Published: 19 May 2026

Anti-corruption movement in Bangladesh has always faced a version of the same problem: how do you keep volunteers motivated, networks alive, and communities engaged when the work is slow, unspectacular, and largely invisible to the public? The Committees of Concerned Citizens (CCC) attempted to answer that question across two consecutive days last April, gathering hundreds of activists and civil society actors in Rangpur and Bogura for meetings that were less about reporting progress and more about fortifying the will to continue.

Teachers, lawyers, youth workers, and community organisers representing the CCC, Youth Engagement and Support (YES) groups, and Active Citizens Groups (ACGs), came together to build the shared commitment that makes breakthroughs possible later.

Reaching beyond the existing network

What emerged from both sessions was a clear strategic consensus.
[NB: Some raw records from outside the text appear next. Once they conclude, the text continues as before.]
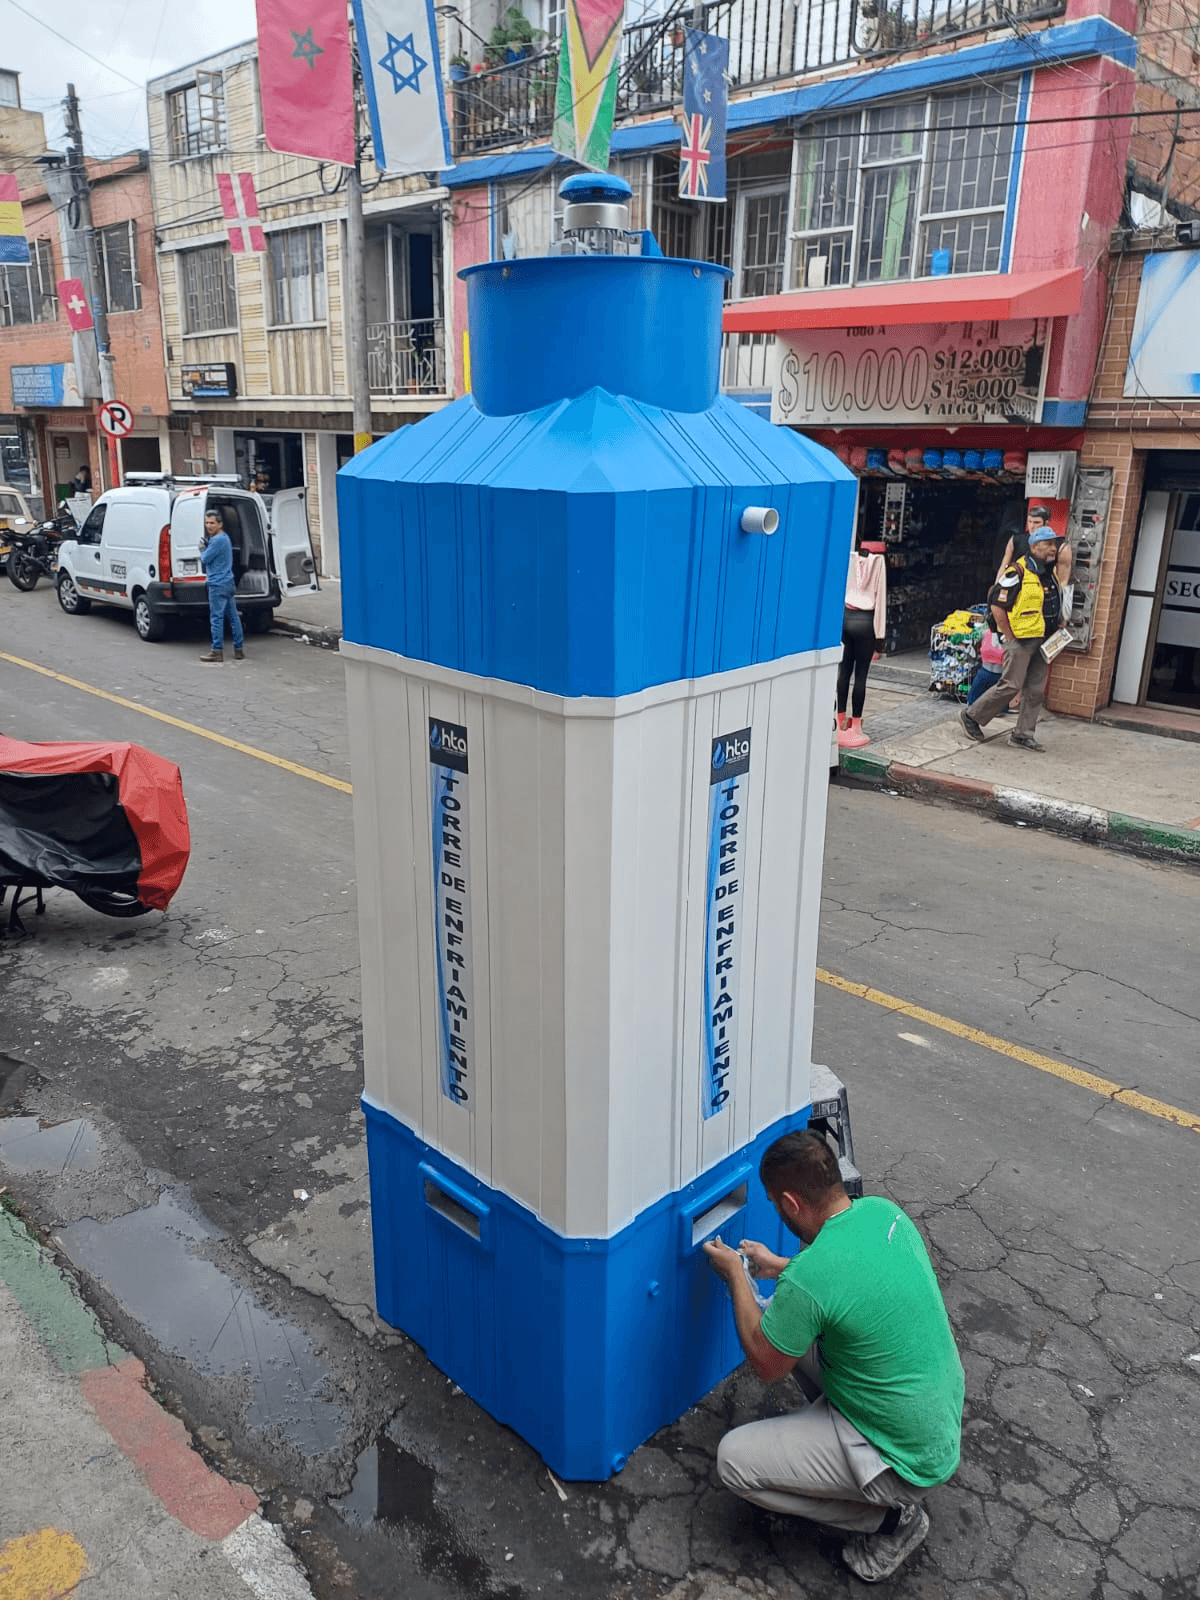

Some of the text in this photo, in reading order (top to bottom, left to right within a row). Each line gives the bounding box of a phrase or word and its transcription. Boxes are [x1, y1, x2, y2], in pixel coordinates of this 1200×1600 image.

[933, 348, 1022, 371] $12.000
[779, 346, 930, 419] $10.000
[930, 377, 1018, 400] $15.000
[110, 406, 126, 431] P
[923, 402, 933, 416] Y
[937, 402, 978, 417] ALGO
[441, 727, 467, 753] hta
[725, 738, 749, 759] hta
[440, 775, 462, 868] TORRE
[719, 784, 740, 876] TORRE
[441, 871, 466, 894] DE
[714, 879, 739, 901] DE
[445, 896, 469, 1101] ENFRIAMIENTO
[710, 904, 735, 1107] ENFRIAMIENTO
The movement cannot grow inward. Its real strength lies in its connections outward, to other civil society organisations and to communities still untouched by formal advocacy. Volunteers, participants agreed, are not a resource to be managed but the living core of the movement itself. Without them, the committees are letterheads. With them, they are a force.

The logic was stated plainly across both sessions: a stronger local network builds credibility, credibility opens doors, and open doors mean wider reach. Engaging existing members more intensively matters, but so does pulling in organisations that have never yet encountered the anti-corruption cause. The two goals are not in competition. They are each other's condition. Area Coordinators in both cities gave frank accounts of their chapters' recent performance, including lessons from things that did not go as planned, a quality of candour that kept both rooms engaged across sessions that could easily have turned routine.
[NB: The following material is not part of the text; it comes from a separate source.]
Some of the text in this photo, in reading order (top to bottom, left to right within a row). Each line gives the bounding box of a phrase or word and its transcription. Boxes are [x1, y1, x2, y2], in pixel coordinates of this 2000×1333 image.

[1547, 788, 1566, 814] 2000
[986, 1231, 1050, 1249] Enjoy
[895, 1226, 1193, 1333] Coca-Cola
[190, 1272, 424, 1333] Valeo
Every participant in Rangpur and Bogura stood together at the end of their respective sessions and took a collective anti-corruption oath. In a movement built on moral commitment rather than institutional authority, standing up in a room full of peers and making a public pledge carries a specific weight. Accountability made visible. The movement holding itself to its own standard. It was also a reminder that the CCC and its affiliated groups operate in a space where the only enforceable contract is the one people make with each other.

Voices from the grassroot, together against corruption

The Rangpur meeting at the Begum Rokeya Auditorium of RDRS Bangladesh on 27 April was presided over by Dr. Shasshata Bhattacharya, President of CCC Rangpur. Advocate Dilruba Rahman opened proceedings, while Md. Atikur Rahman, Coordinator of Civic Engagement at TIB, delivered the strategic address on volunteer networks. TIB's Cluster Coordinator outlined the core objectives. Vice President Md. Siddiqur Rahman, Professor Md. Shah Alam, and Nafisa Sultana also addressed the assembly before the CCC President administered the closing oath.

In Bogura on 28 April, Professor Md. Osman Ghani, President of CCC Bogura, chaired proceedings at the NGO Forum for Public Health auditorium. Md. Atikur Rahman returned to speak on civic networking and movement building. Vice President Milon Rahman, Professor Nasima Akhter, Ajit Kumar, Tapsi De, Masudar Rahman Helal, and Merajul Hasan Mondal addressed the need for deeper inter-organisational cooperation before the Area Coordinator presented the chapter's achievements and the session closed with the collective pledge.

Increased citizen engagement matters

Across both cities, participants left with something more concrete than inspiration. The meetings reinforced a belief that has driven the CCC and its affiliated groups from the beginning: that a transparent society does not emerge from institutions alone but from the persistent, volunteer-driven effort of people who have decided to hold their communities to a higher standard. Networking with like-minded organisations, deepening civic participation, and expanding the movement's geographic reach are not aspirational ideas here. They are the agreed-upon work. What Rangpur and Bogura demonstrated is that this work has enough believers, enough organisational infrastructure, and enough honest self-reflection to keep moving forward. The demand for integrity, as the gatherings made plain, is neither fragile nor confined to a single city. It is a shared mission, and it is far from finished.